WxGuy1 wrote:Doesn't seem unreasonable to me, and I wouldn't call that "rapid deepening" if you are referring to the Great Lakes low? It bottoms out at 1010mb (per the 12z GFS), which is certainly nothing spectacular.... A surge of cooler air across the upper MS River valley and some WAA over the eastern Great Lakes will increase the thermal gradient across the region. Thermal wind relation tells us that this will increase flow aloft (which the models prog) and intensify the vorticity aloft across the central Great Lakes as this occurs. This vort max slides eastward with time, as warm-air advection continues across the eastern Great Lakes. There isn't a whole lot of support from transverse circulations in the upper-levels (though the surface low is near the right-entrance region of the upper-level jet streak), but the thermal and vorticity advection patterns make it plausible that a low (especially a weak low as the GFS indicates) will develop across the Great Lakes.
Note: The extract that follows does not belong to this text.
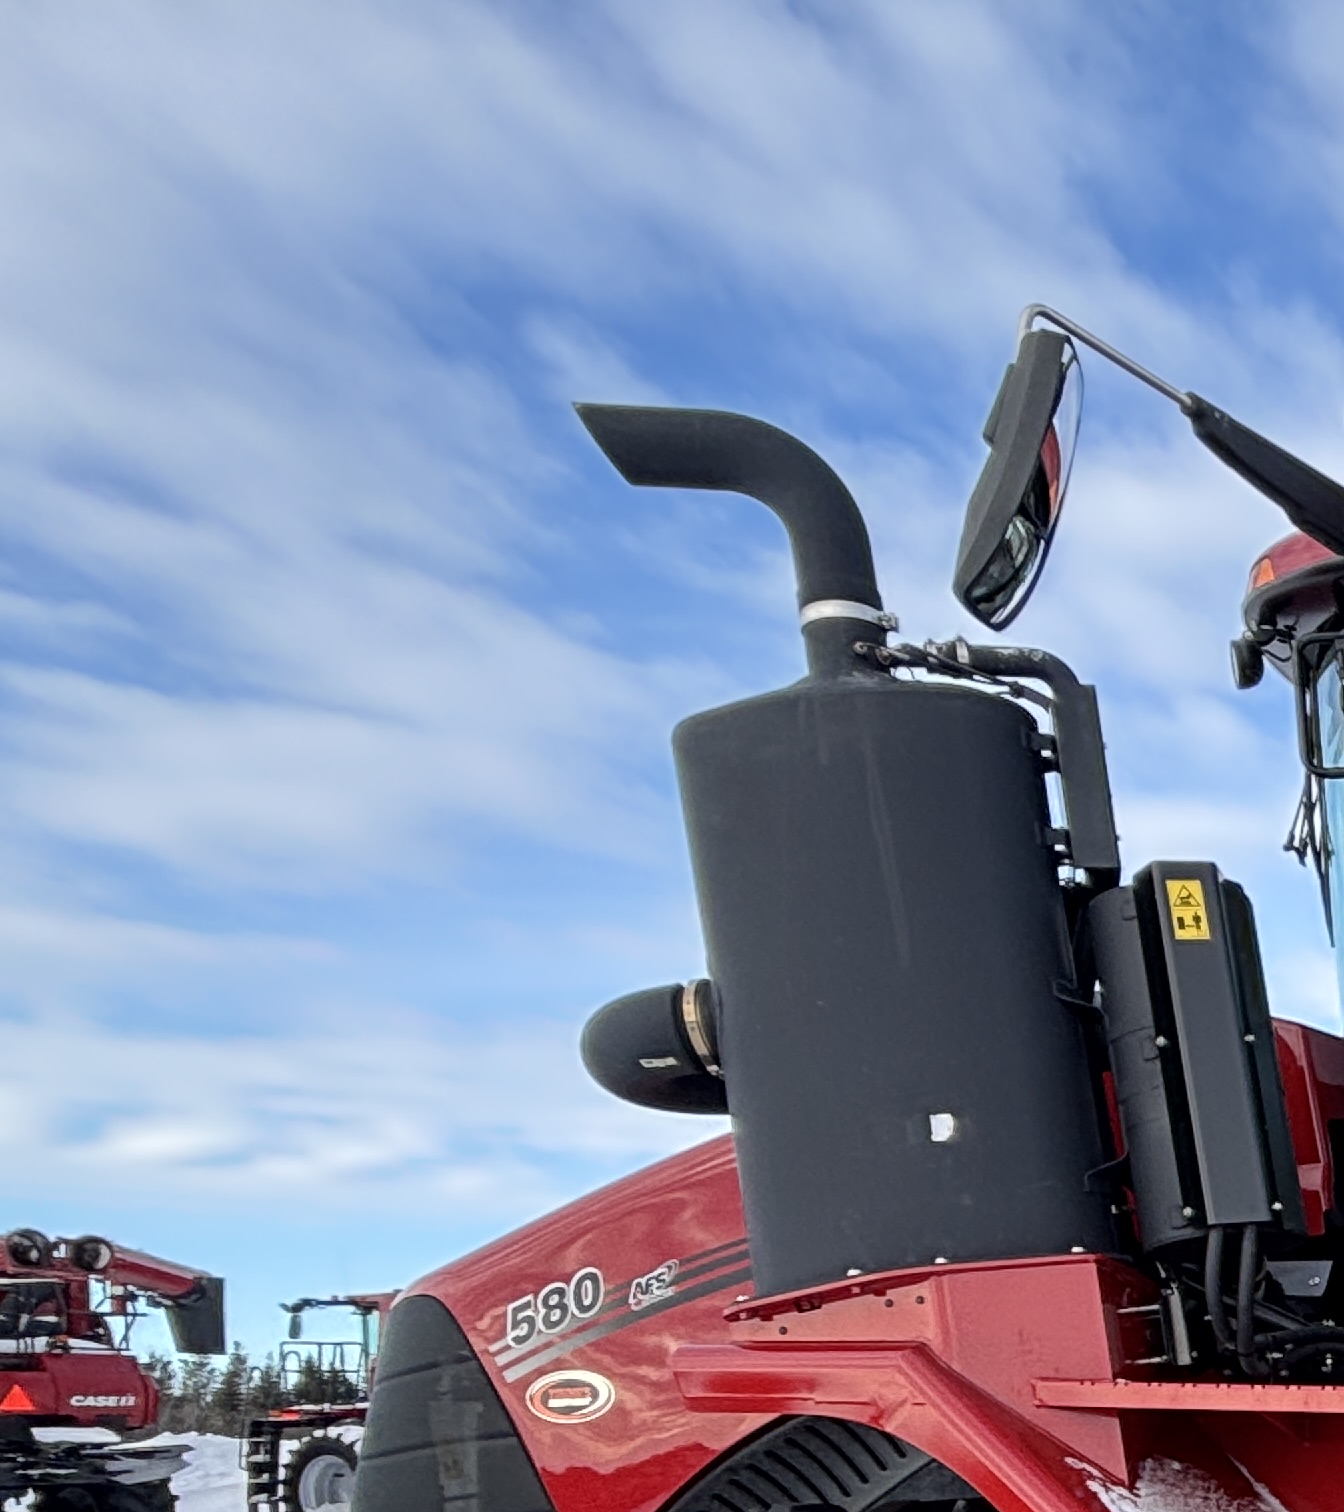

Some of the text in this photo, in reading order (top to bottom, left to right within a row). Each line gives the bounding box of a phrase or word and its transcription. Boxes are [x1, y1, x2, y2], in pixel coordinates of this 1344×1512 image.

Given the thermal gradient in place, I wouldn't be surprised if the low is going to be stronger than the GFS progs now, though the model can certainly quantify the cyclogenesis process much easier than I can!
Good points. Actually, I misinterpreted what I was trying to say. By "rapid deepening", I meant that the low showed a short but quick spurt of some deepening. I know it doesn't qualify as rapid deepening, nor do the synoptics and thermal gradient indicate it as rapid deepening, but it was simply a brain freeze while searching for as best a description as to what I was trying to describe.
I never said that an eastern CONUS/Eastern Seaboard landfall was likely, but that it was more along the lines of a 50/50 possibility in my opinion, based on my interpretation of the synoptics and viewing of model initializations and surface maps/loops. It was also an analysis of, if the 50% chance of an Eastern Seaboard impact occurs, which general paths might be most likely.